In the Ancestry app online, in the profile page for a person, there is a ‘relationship’ line, the fourth line below the picture, that will show this person’s relationship to the ‘Home Person’ in the tree. If you select this ‘relationship’ information, you get a printable page with the relationship detail. This relationship information text, and the related printable information, is also generated for persons who are not ‘blood’ relations of the ‘home person’.
Dictionary definition: Relationship: The condition or fact of being related; connection or association.
For most of my 80+ years, asking about the ‘relationship’ of a person who was married to a ‘blood’ relative would prompt a response of husband, wife or in-law, without having to provide more information.
Why is there this constraint of ONLY blood relations in RM?
Apparently RM chose to go with the strictest definition of related. To pick nits, genealogy is all about the blood relatives. This bothers some people who want to see RM calculate 1/2 relations and various non-blood relationships, such as steps. Will it ever happen, who knows. It hasn’t in all these years, so you might turn a little blue holding your breathe for it.
The Kinship List will identify some in-law relationships.
I would like to be able to show the relationship between notable persons in my tree to young members of my family without any other kinship connections, working in a non-internet environment.
Perhaps the relationship report could have a switch added, for allowing non-blood connections.
If there was a switch for every little change that people wanted, there probably wouldn’t be a program at all. Short of using the relationship calculator to calculate relations between the younger member and the ‘notable’ member, I can’t even imaging how this would be done, especially if you are wanting to do it on a larger scale. My guess is is that a snowflake would survive a day in Hades before development spent much time on a rather dubious ‘feature’. RM8 has enough problems that need to be fixed that it will likely take until RM9 to fix them all.
lets hope many of them are fixed before 8.3.x, RM 9.x.x is a loooonnngg way off I would imagine. However, having used other software there could be a balance. Some relationship could be meaningless but can still give context. For example, Father of husband of aunt of wife. (So father in law of my wife aunt). The problem I sometimes face with RM, is I start reviewing family groups I am less interested in. I can create groups to help minimize this and then filter by groups to help me focus on the lines I am most interested in. So I guess maybe adding some kind of stop light icons to indicate: "by blood, close in-law, distance in-law, no relationship found would* be helpful vs the exact ‘shortest’ path (sometime there can be multiple paths.
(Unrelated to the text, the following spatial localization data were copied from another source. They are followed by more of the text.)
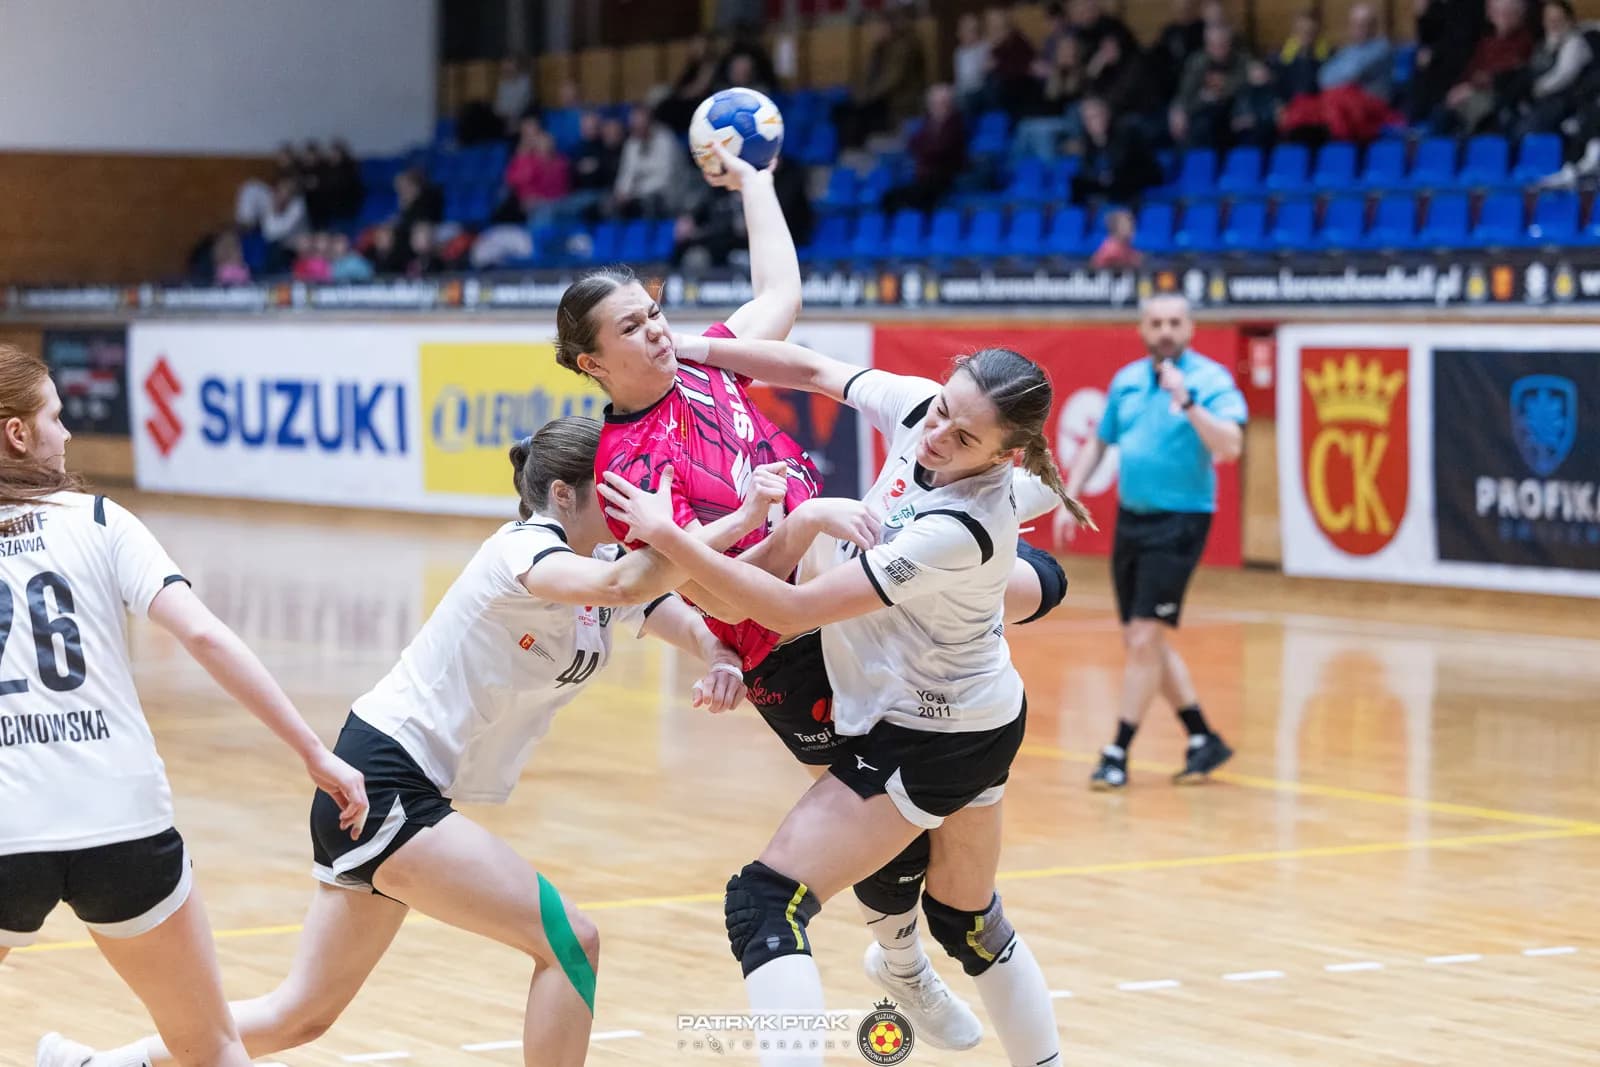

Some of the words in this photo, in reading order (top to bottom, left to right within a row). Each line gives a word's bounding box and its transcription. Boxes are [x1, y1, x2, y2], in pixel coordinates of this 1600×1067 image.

[200, 376, 409, 457] SUZUKI
[1308, 428, 1394, 535] CK
[1475, 475, 1600, 525] PROFIK
[0, 571, 86, 695] 26
[0, 709, 111, 747] CIKOWSKA
[793, 727, 832, 743] Targi
[918, 705, 951, 718] 2011
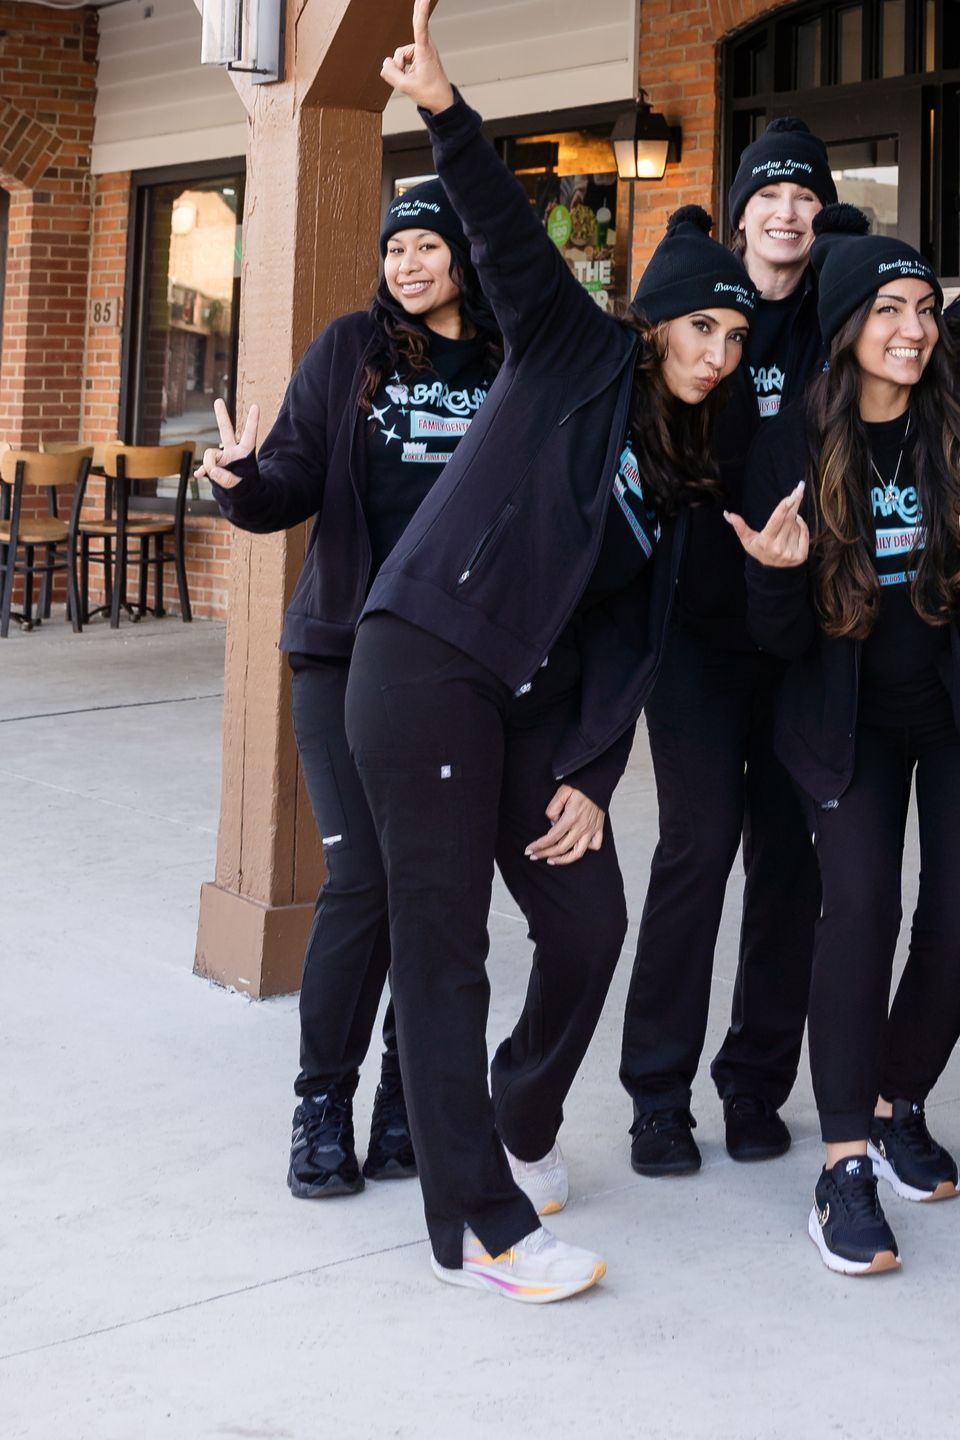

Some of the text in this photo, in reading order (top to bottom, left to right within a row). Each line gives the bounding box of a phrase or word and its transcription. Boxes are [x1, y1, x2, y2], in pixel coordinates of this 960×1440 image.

[766, 167, 795, 177] Dental
[784, 159, 813, 174] Family
[412, 200, 441, 213] Family
[574, 260, 611, 284] THE
[878, 258, 912, 274] Barclay
[714, 281, 749, 297] Barclay
[93, 302, 112, 323] 85
[408, 381, 488, 415] BARCLA
[418, 420, 444, 431] FAMILY
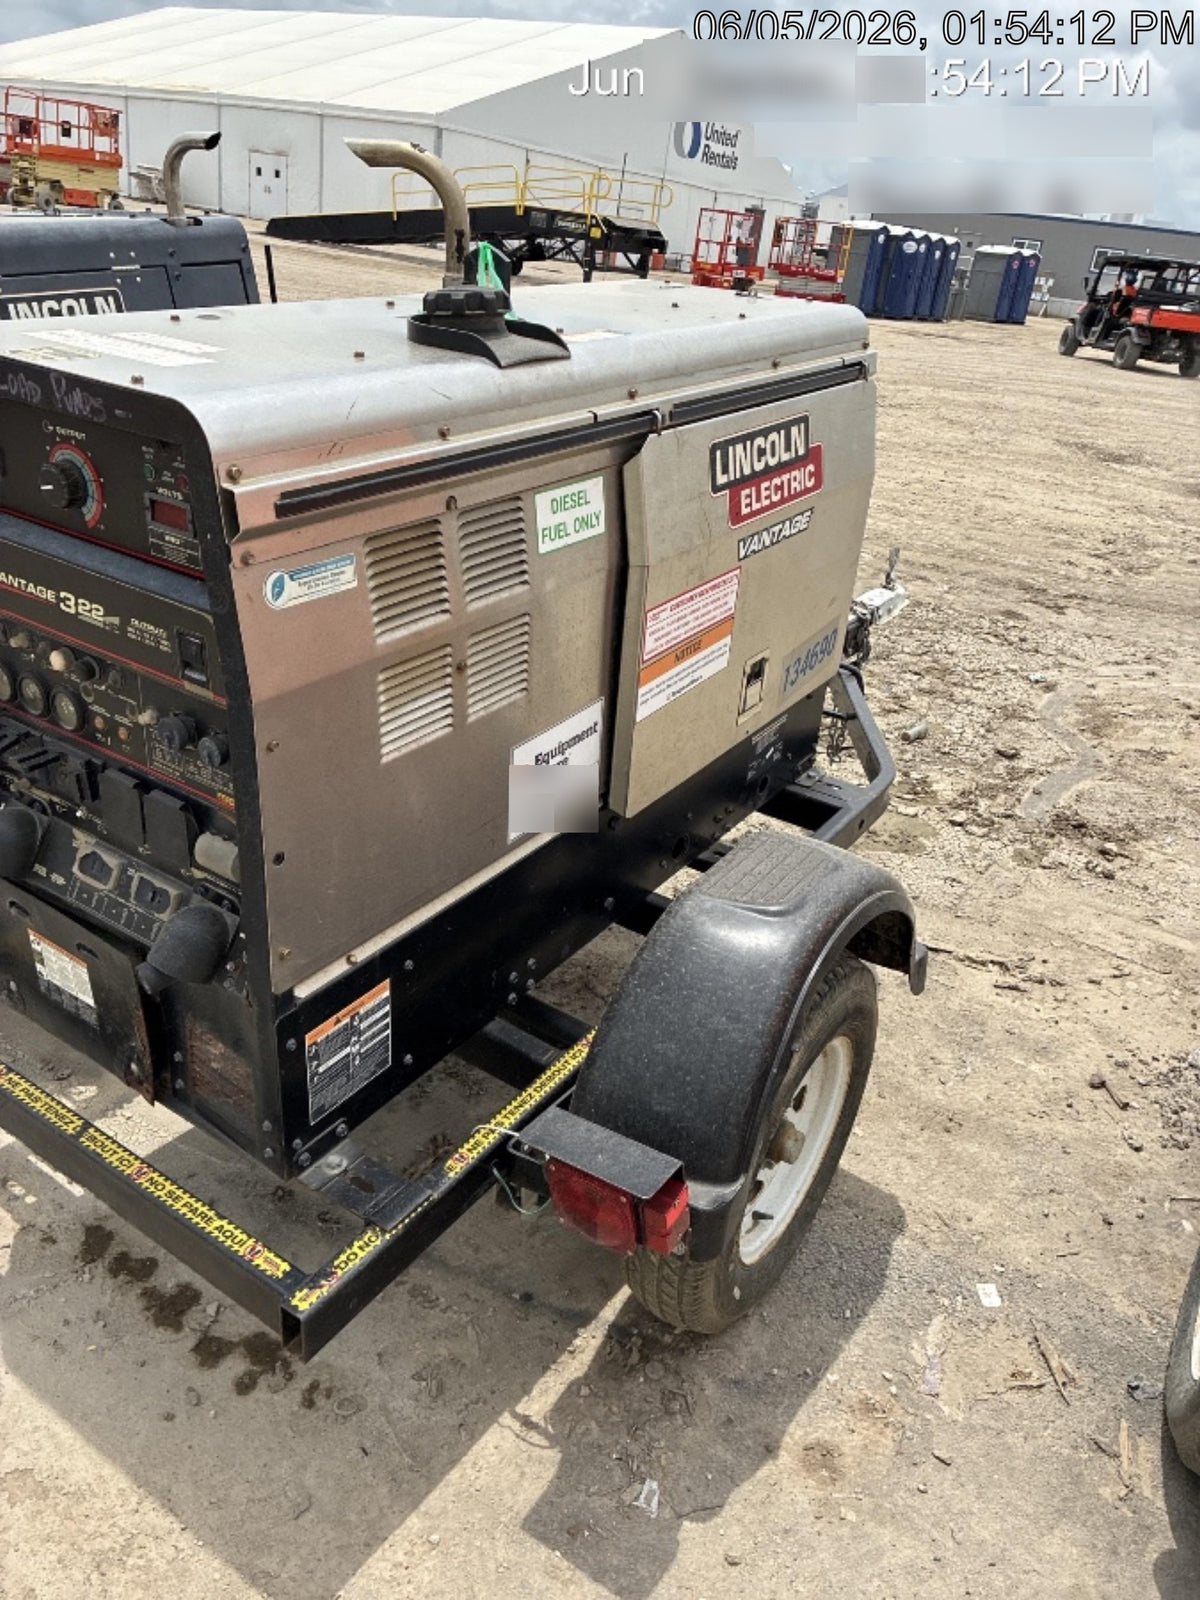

re the above. I am always interested in how people regard in-law relationships in the case of divorce. Let’s call this guy Fred. If said aunt gets divorced and re-marries then Fred is no longer her father-in-law, she has a new father-in-law that is the father of her new husband. Would you expect RM to then change the relationship from close in-law, or distance in-law, to no relationship found?
Good Question. First if a couple has children and at least of of them is related by blood — the children will always be related regardless of “feelings”. DNA say they will be related as well as any descendants thereof. The spouse who was not related by blood and then marriage ends… this might depend on if a divorce or marriage had ended. Now you pose an interesting question of how different software might handle that timeline sequence of events. Before the divorce “by Marriage” would seem to be accurate, but would about after? RM has about 4 or 5 “Labels” for spouses, Often I do not know when a couple was divorced (or even if they were officially divorced). Maybe someone who know more about RM (8 and/or 7) can answer this because I would only be guessing without experiments with some of my database
This is a very interesting topic. I’m sure this discussion could go on forever with all possible relationships. After all, everyone in the world who is, has been or will be, is related by DNA to some extent. I don’t think anyone will ever find the records on all those people ;-(0
Just to see how RM8 handles kinship (in relation to kevync1985’s list of possibilities), I ran a report on myself and came up with a list of 351 “kin folk” so far, covering only 5 generations. Interestingly, these include all blood relative, of course, and:
- spouses of aunts and uncles (identified merely as uncles or aunts),
- spouses of great grand aunts/uncles, cousins as far as second cousins twice removed, etc. (identified as spouses of… (thus related by marriage, not blood),
- step-grandparents, great grandparents aunts & uncles (without a “step” modifier,
- but in-laws are only identified to one generation removed, including my divorced son’s former wife listed as a daughter-in-law, but not her daughter (my former step granddaughter), nor my current sister-in-law’s husband.
So, by RM’s classification, I have a bond with a spouse of a grandniece whom I will likely never meet, and a former daughter-in-law, yet I have no bond with my sister-in-law’s husband, whom I call my brother-in-law and speak with frequently.
This was an interesting dive into relationships and is not a criticism of RM, just an illustration of how far we could go down this rabbit hole and never come to an agreement as to whom we are related.
I’m just amazed at how complicated these family tree programs get and am grateful for the coding genius that puts it all together and graphically presents it in an understandable manner.